In your postage stamp, there's a real point-like source whose image has been smeared out by the telescope's point spread function (PSF), and a roughly uniform background. We'll assume that the PSF is a symmetric 2D Gaussian for simplicity (in real life, it isn't).
The position and flux of the AGN, and the background surface brightness, are all unknown parameters of this model. The width of the PSF could also be one, potentially (the PSF varies quiet a bit over the focal plane, and I wouldn't want to guess what it is at the particular location of your source). Let's ignore the effective area of the telesope for this problem (essentially just a re-definition of what we mean by "flux").
Draw a PGM that describes this model for the data set. Recall that we looked at a similar (but simpler) scenario when covering Bayes Theorem.
Each circular node in your PGM represents a PDF that we need to draw samples from when generating mock data. Write down the expression for your PGM's factorization of the joint PDF for all parameters and all data.
You should now have all the ingredients to write a function that returns a mock X-ray postage stamp image (complete with realistic noise), given an exposure map and your assumed model, for a given set of model parameter values.

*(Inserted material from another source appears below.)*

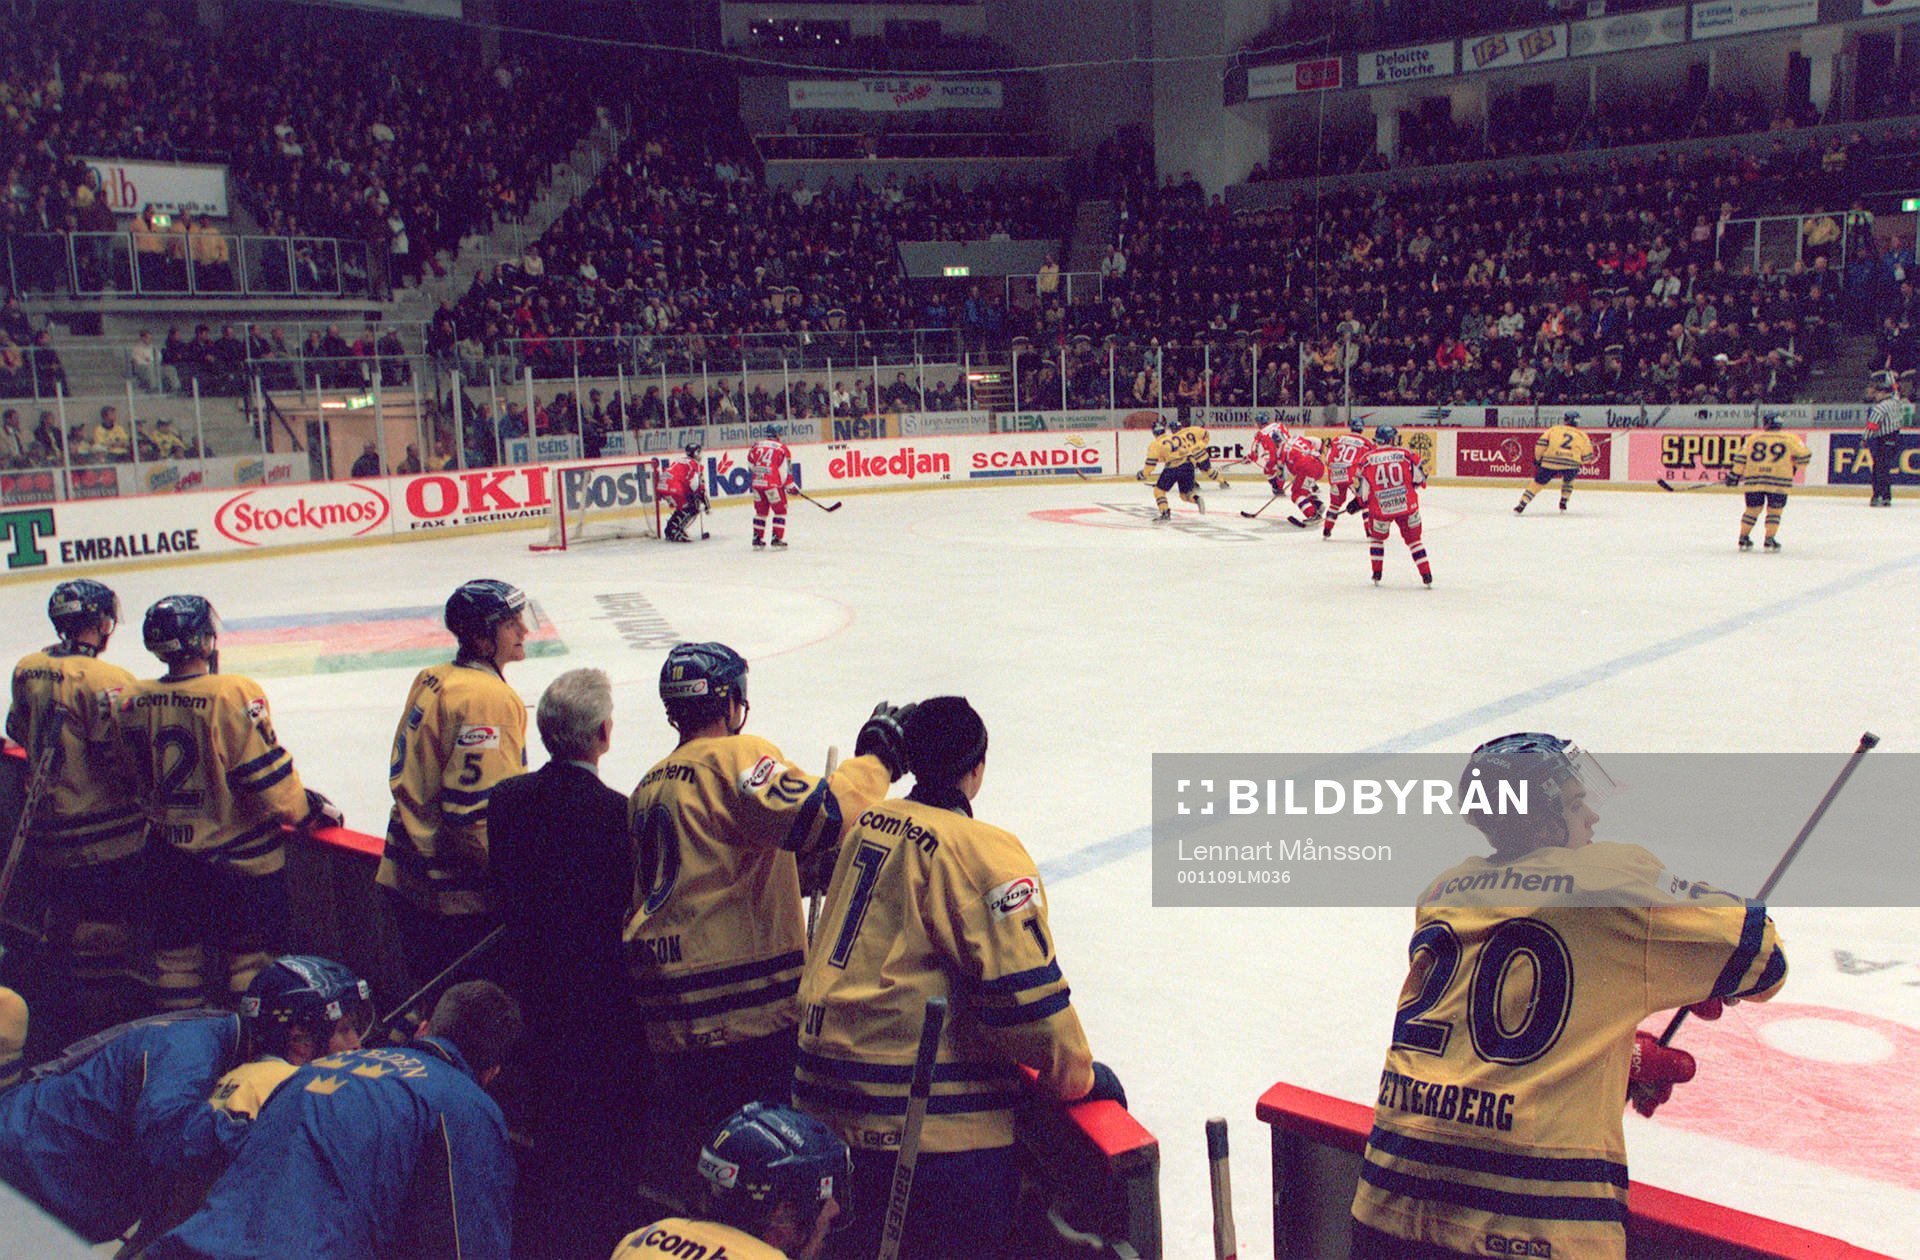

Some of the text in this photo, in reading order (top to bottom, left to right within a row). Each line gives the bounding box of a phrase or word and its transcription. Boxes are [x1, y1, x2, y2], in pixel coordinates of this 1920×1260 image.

Our presumptive solution is divided into two functions: one to draw parameter values, and one to generate mock data given those parameters. That way you have the option of specifying specific parameter values to see whether you can produce a realistic image manually.
Note that, in general, we would need to convolve our model of the sky with the PSF in order to produce a mock observation. Since our model consists of only a uniform component and a point-like component, the convolution operation is analytic, so there's no need to code it explicitly.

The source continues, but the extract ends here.